Prompt: Give back the records below verbatim, please, but without a single image.

------------------------------

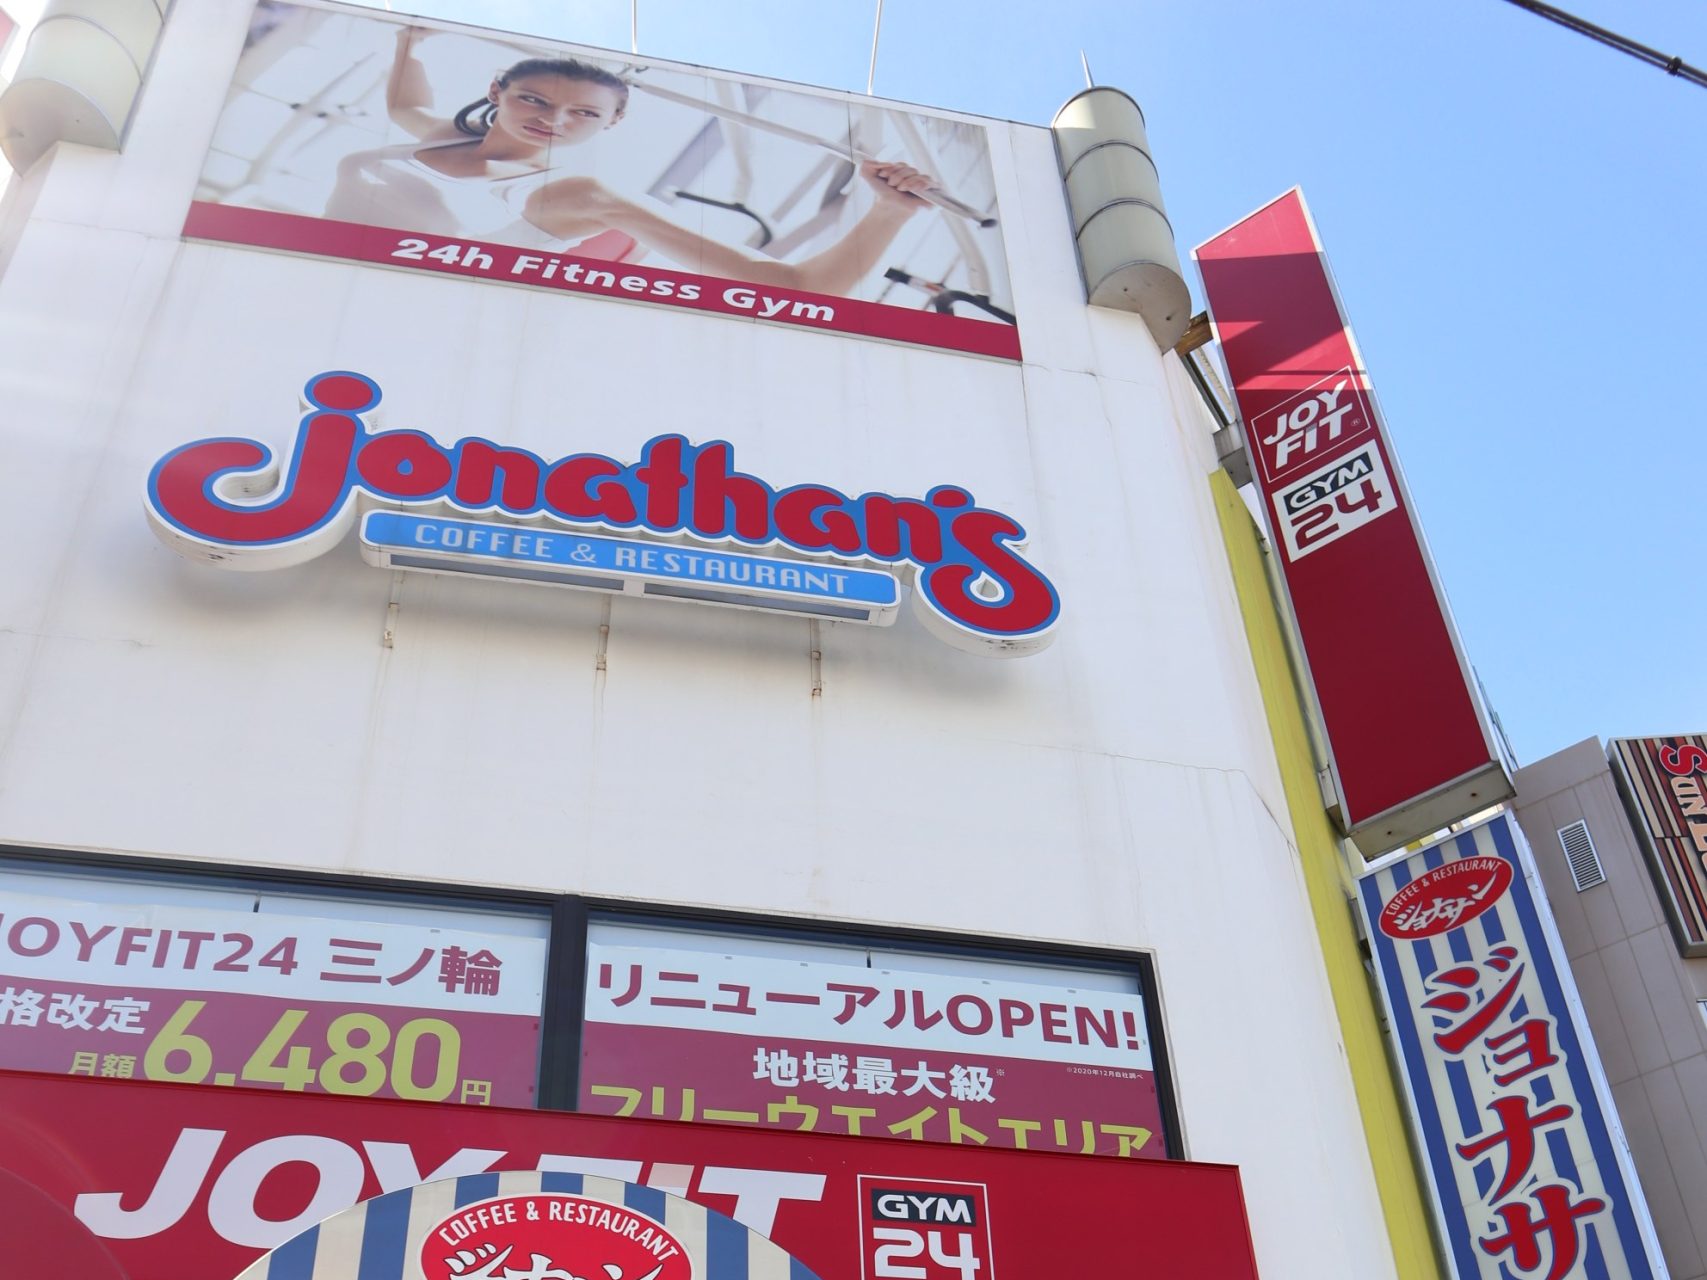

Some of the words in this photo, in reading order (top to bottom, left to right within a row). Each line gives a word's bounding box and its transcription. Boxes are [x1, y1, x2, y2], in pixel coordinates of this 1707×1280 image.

[391, 238, 493, 273] 24h
[511, 253, 702, 301] Fitness
[723, 287, 836, 324] Gym
[1263, 379, 1348, 445] JOY
[1275, 403, 1353, 469] FIT
[1290, 458, 1370, 508] GYM
[1291, 479, 1382, 550] 24
[415, 523, 552, 561] COFFEE
[571, 543, 595, 564] &
[614, 548, 849, 595] RESTAURANT
[1386, 884, 1420, 915] COFFEE
[1421, 878, 1431, 887] &
[1432, 859, 1502, 882] RESTAURANT
[1393, 872, 1497, 931] ジョナサン
[0, 912, 298, 976] OYFIT24
[320, 937, 503, 997] 三ノ輪
[0, 986, 150, 1035] 格改定
[599, 963, 1139, 1050] リニューアルOPEN!
[438, 1202, 517, 1247] COFFEE
[527, 1203, 540, 1219] &
[549, 1202, 679, 1263] RESTAURANT
[876, 1193, 974, 1224] GYM

------------------------------

Your solution:
Some of the words in this photo, in reading order (top to bottom, left to right within a row). Each line gives a word's bounding box and its transcription. Boxes are [x1, y1, x2, y2], in pixel coordinates of this 1707×1280 image.

[391, 238, 493, 273] 24h
[511, 253, 702, 301] Fitness
[723, 287, 836, 324] Gym
[1263, 379, 1348, 445] JOY
[1275, 403, 1353, 469] FIT
[1290, 458, 1370, 508] GYM
[1291, 479, 1382, 550] 24
[415, 523, 552, 561] COFFEE
[571, 543, 595, 564] &
[614, 548, 849, 595] RESTAURANT
[1386, 884, 1420, 915] COFFEE
[1421, 878, 1431, 887] &
[1432, 859, 1502, 882] RESTAURANT
[1393, 872, 1497, 931] ジョナサン
[0, 912, 298, 976] OYFIT24
[320, 937, 503, 997] 三ノ輪
[0, 986, 150, 1035] 格改定
[599, 963, 1139, 1050] リニューアルOPEN!
[438, 1202, 517, 1247] COFFEE
[527, 1203, 540, 1219] &
[549, 1202, 679, 1263] RESTAURANT
[876, 1193, 974, 1224] GYM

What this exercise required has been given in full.